An alternative interpretation of the origin of the dolerite from xenoliths on Zhokhiv Island is based on the assumption that the radiogenic Ar contained in this rock was partly lost due to reheating, and the actual age of the dolerite is much older than 100 Ma. Then it should be assumed that the dolerite xenolith represents the ancient continental crust of the Laptev Sea shelf. A rough idea about its composition is provided by the Lower Paleozoic rocks of Bennett Island: Cambrian mudstones with trilobites and Ordovician mudstones and sandstones. The association of Paleozoic sedimentary and metasedimentary rocks can also include the quartzites found among xenoliths on Zhokhov Island.
The isotopic data presented above suggest that the alkaline basalts and limburgites of Bennett, Zhokhov, and Vil'kitskii islands could be generated by magmatic melts derived from a common mantle source or isotopically similar mantle sources. Within-plate melts with isotopic-geochemical signatures of the limburgites and alkaline olivine basalts from the De Long Islands could be produced by a mantle source whose chemical heterogeneity was comparable with the heterogeneity of the shallower sitting mantle material represented by spinel lherzolite mantle xenoliths on Zhokov and Vil'kistkii islands. The melting of such a mantle material, which included local zones enriched in lithophile elements, gave rise to chemically enriched melts with lower Nd isotopic ratios.

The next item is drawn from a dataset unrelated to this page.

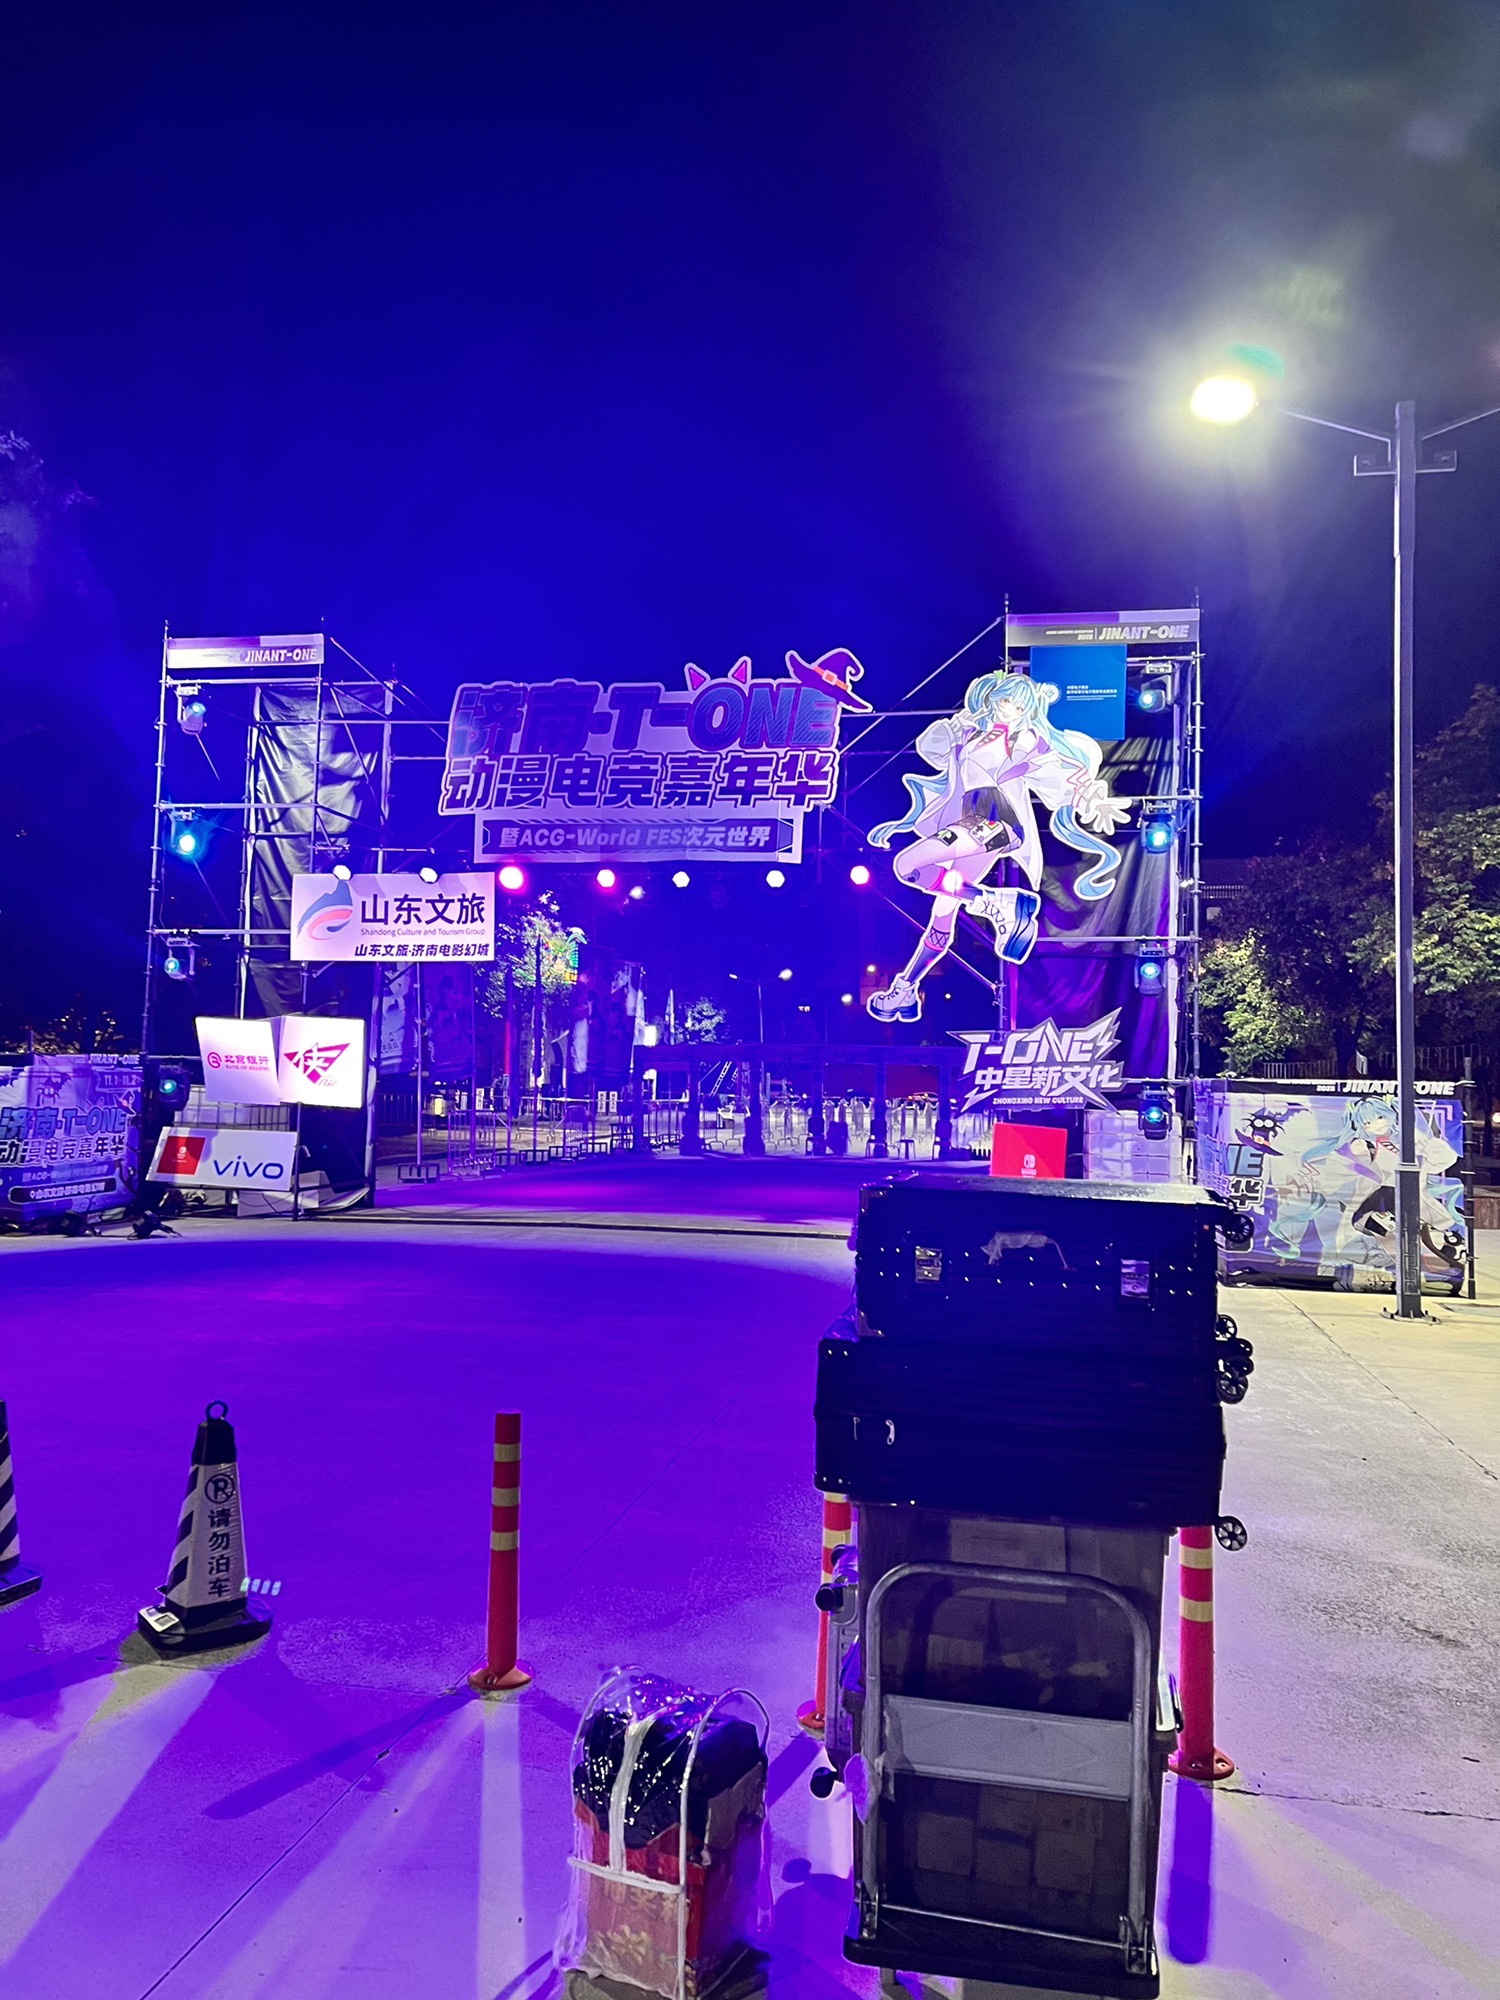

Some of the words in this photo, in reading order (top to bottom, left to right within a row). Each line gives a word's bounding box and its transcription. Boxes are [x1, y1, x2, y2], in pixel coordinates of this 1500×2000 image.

The results obtained by simulating the mixing process presented above are in conflict with the earlier hypothesis that the melts parental for the alkaline olivine basalts were contaminated with the material of the melanocratic basement of the Laptev Sea shelf [Bogdanovskii et al., 1992]. It is, thus, reasonable to believe that the magmatic system in which the within-plate volcanic associations of Bennett, Zhokhov, and Vil'kitskii islands were formed evolved without any notable chemical interaction with older crustal material.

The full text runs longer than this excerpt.